Casa Tuga

Autarquias Portuguesas….

Posted on: 28 Outubro 2008


No meio do vendaval financeiro em que vivemos, com as famílias cada vez mais apertadas e a fazer contas à vida, talvez os portugueses não se tenham dado conta de notícias mais discretas, ainda que não menos importantes. Importantes também para as suas bolsas e inquietantes por serem tão brutais. Trata-se da cobrança fiscal das autarquias sobre os munícipes, que, em 2007, subiu quase 26% face ao ano anterior! Não, não é engano. O aumento atingiu precisamente 25,9%, o que signifi ca que se, em 2006, cada português pagou, em média, 186,81 euros em impostos municipais, no ano seguinte esse montante atingiu 235,12 euros. É um escândalo! Como se já não nos bastasse o aperto provocado pelo constante crescimento das taxas de juro, dos preços dos combustíveis e dos bens essenciais, temos agora as autarquias (ainda) mais à rédea solta, esmagando o incauto cidadão mais uma vez obrigado a pagar os desvarios do chamado poder local.

Crise Economica

Como é costume, o lobby autárquico, representado pela Associação Nacional de Municípios, já contestou os dados oficiais e alega que as verbas cobradas foram investidas tostão a tostão nos concelhos. Como as palavras não chegam, era bom que cada autarquia fosse obrigada a prestar contas desse real investimento, pois não é isso que se vê por esse país fora. O que mais ressalta a olho nu são rotundas e mamarrachos, a par de serviços cheios de burocratas que só empatam a vida a quem lhes paga os salários. Mais: apesar do esbulho das receitas, o que se ouve são lamúrias e reivindicações face ao poder central. Ainda recentemente, aquando do anúncio da transferência de competências para as câmaras em matéria de Educação, a grande maioria delas recusou-se logo a assinar os protocolos, exigindo uma fatia maior de verbas do Orçamento de Estado. É claro que, ao novo acréscimo de responsabilidades, corresponde um impacto significativo nos serviços das autarquias, mas será que a resolução dos problemas passa sempre e apenas por arranjar mais dinheiro e contratar mais pessoal? Onde  está o contributo do tão celebrado poder local para os sacrifícios que são pedidos à generalidade dos portugueses? Já alguém fez as contas? Houve contenção de despesas e redução de meios, na actividade autárquica? Quantos funcionários entraram e quantos saíram, nos últimos três anos? Quem os avalia? E as tão controversas empresas municipais, espécie de twilight zone onde imperam os compromissos políticos e falta a transparência, quem as controla?

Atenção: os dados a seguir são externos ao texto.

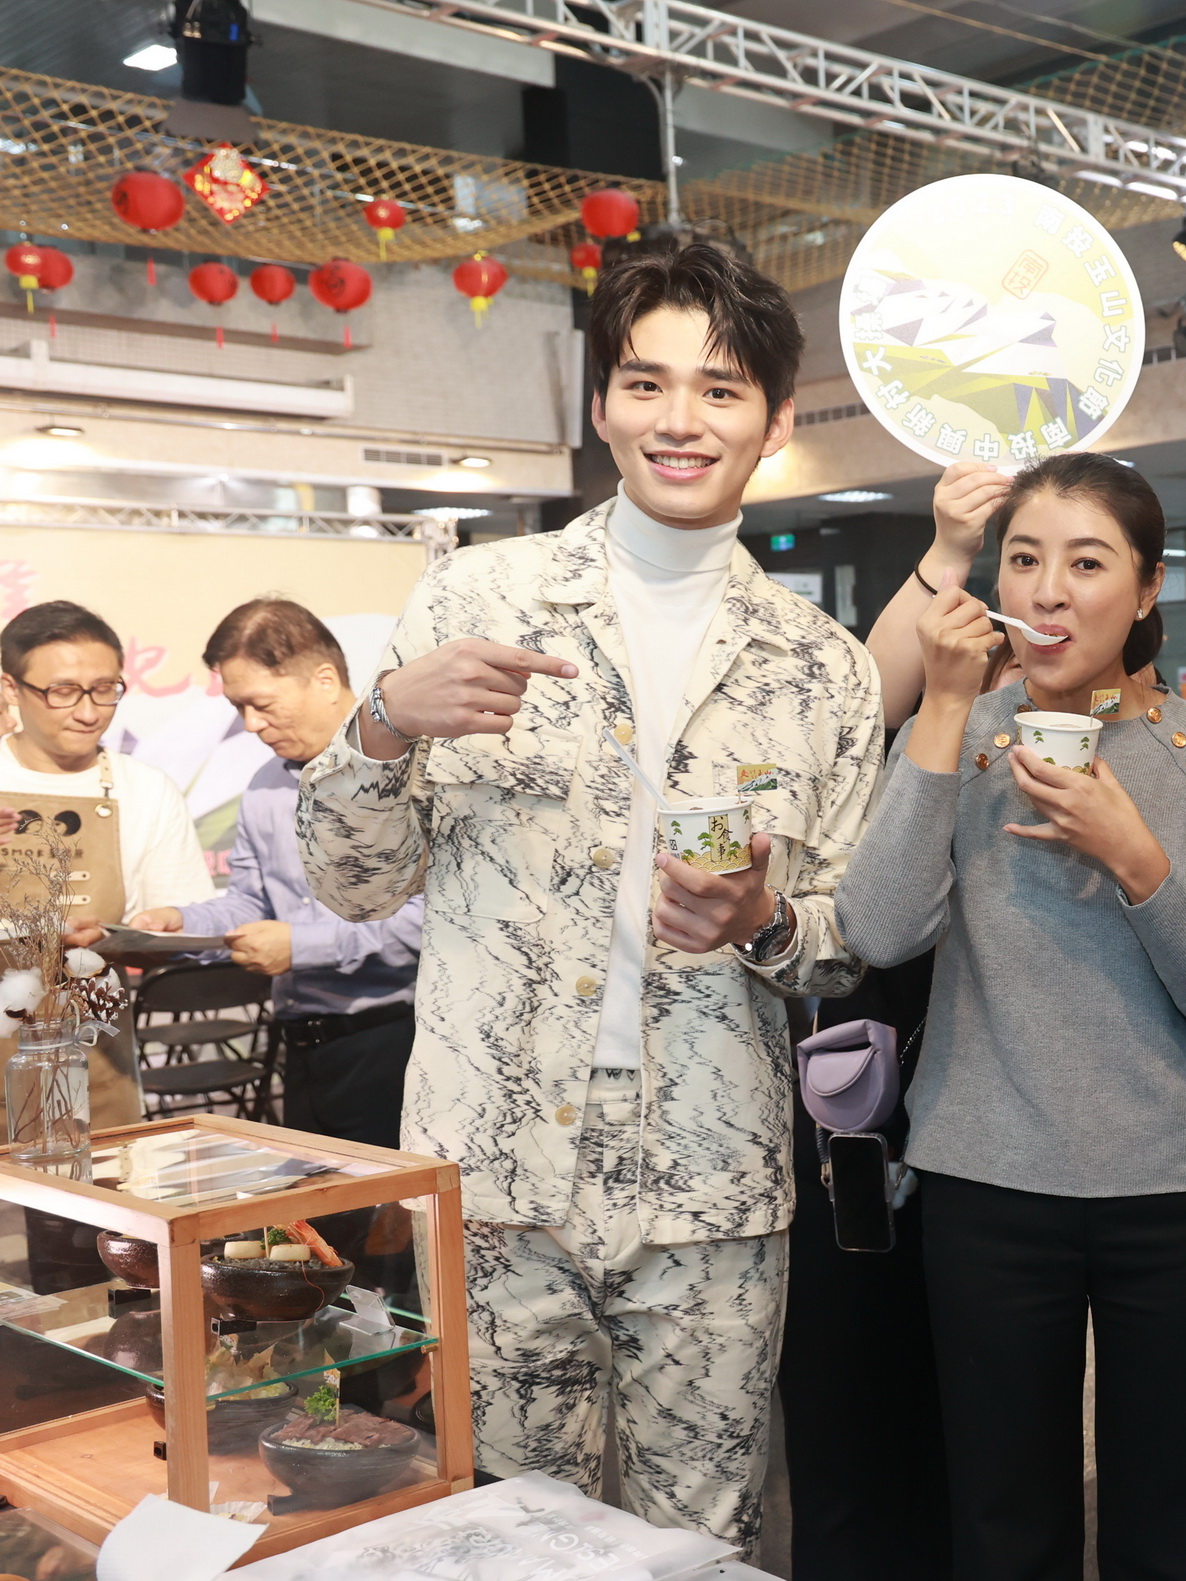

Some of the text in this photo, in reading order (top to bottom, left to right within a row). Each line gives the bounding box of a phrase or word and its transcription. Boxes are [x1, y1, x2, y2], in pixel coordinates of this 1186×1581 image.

[1005, 252, 1044, 298] 南投
[711, 815, 733, 860] お食事
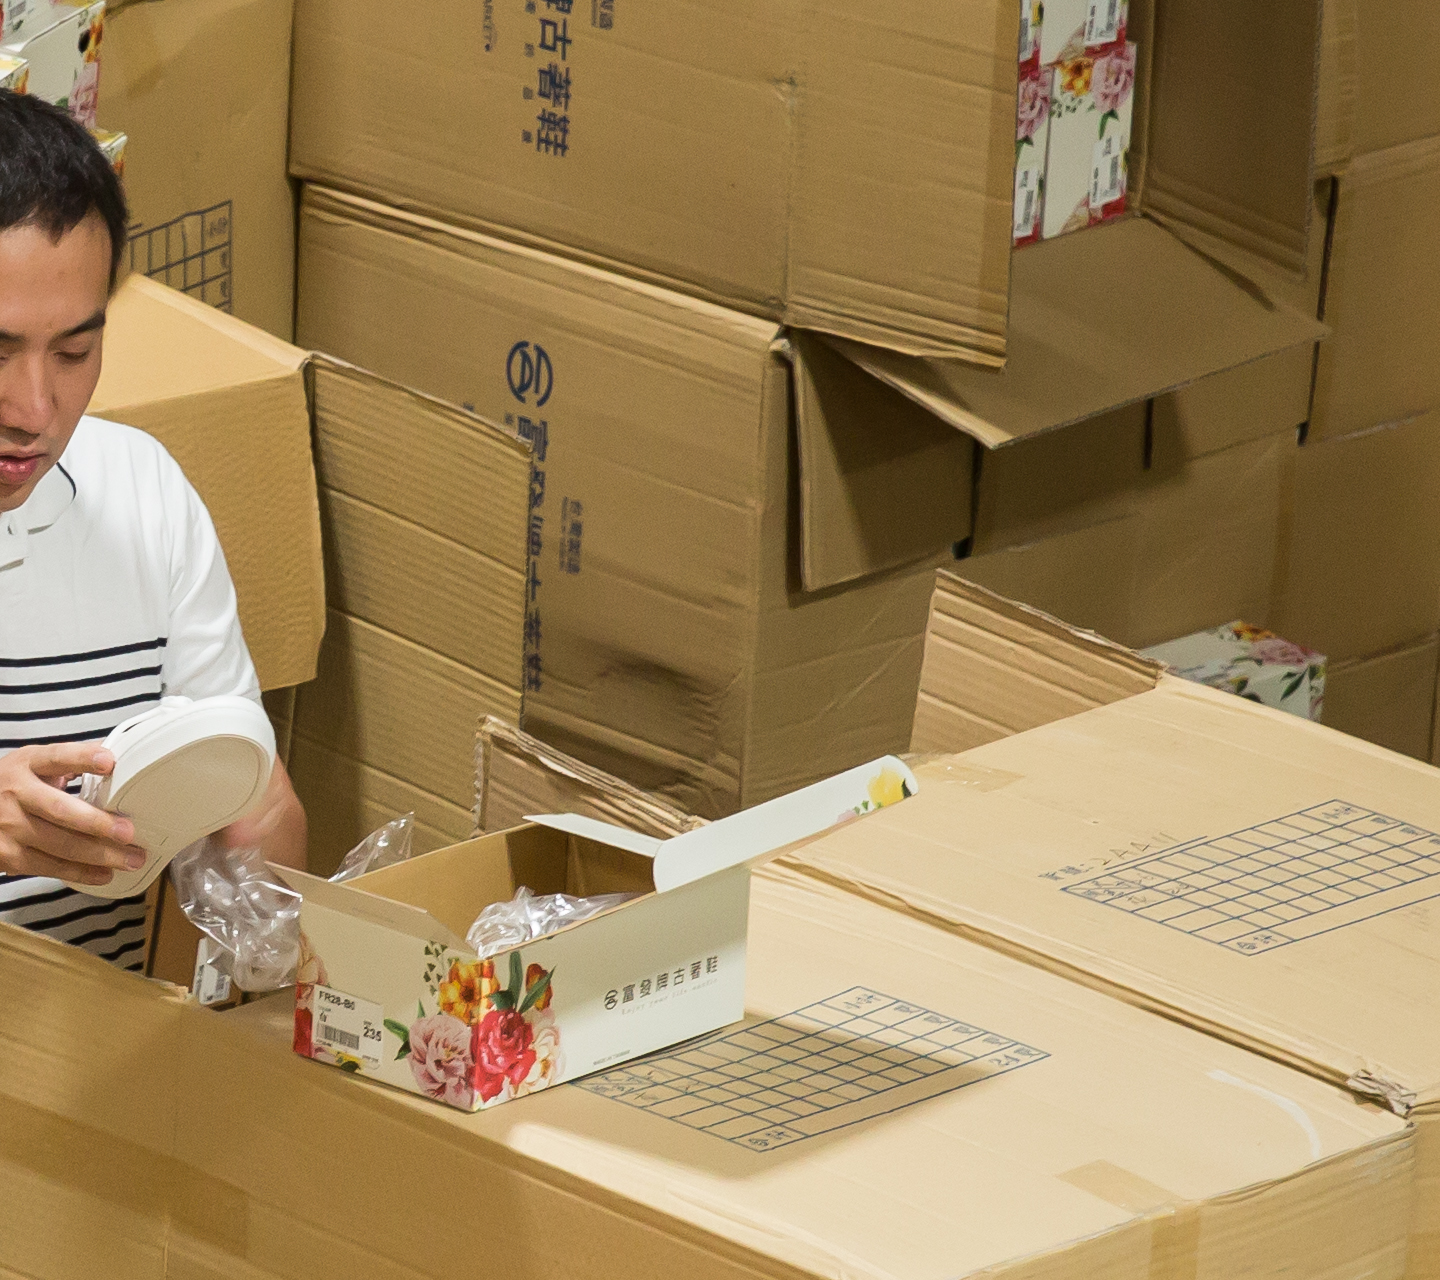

O triste caso, agora conhecido, da atribuição de casas a amigos e confrades, perpetuado por responsáveis da Câmara de Lisboa, ao longo de décadas, revela bem até que ponto chegou a desfaçatez de muita gente aparentemente respeitável, eleita por todos nós. Que outras surpresas nos seriam reveladas por uma investigação consequente? Daqui a um ano, os autarcas vão a votos. Mais do que nunca, é preciso distinguir o trigo do joio. E saber punir quem se anda a aproveitar dos cidadãos e quem, pelo contrário, só pensa em servi-los.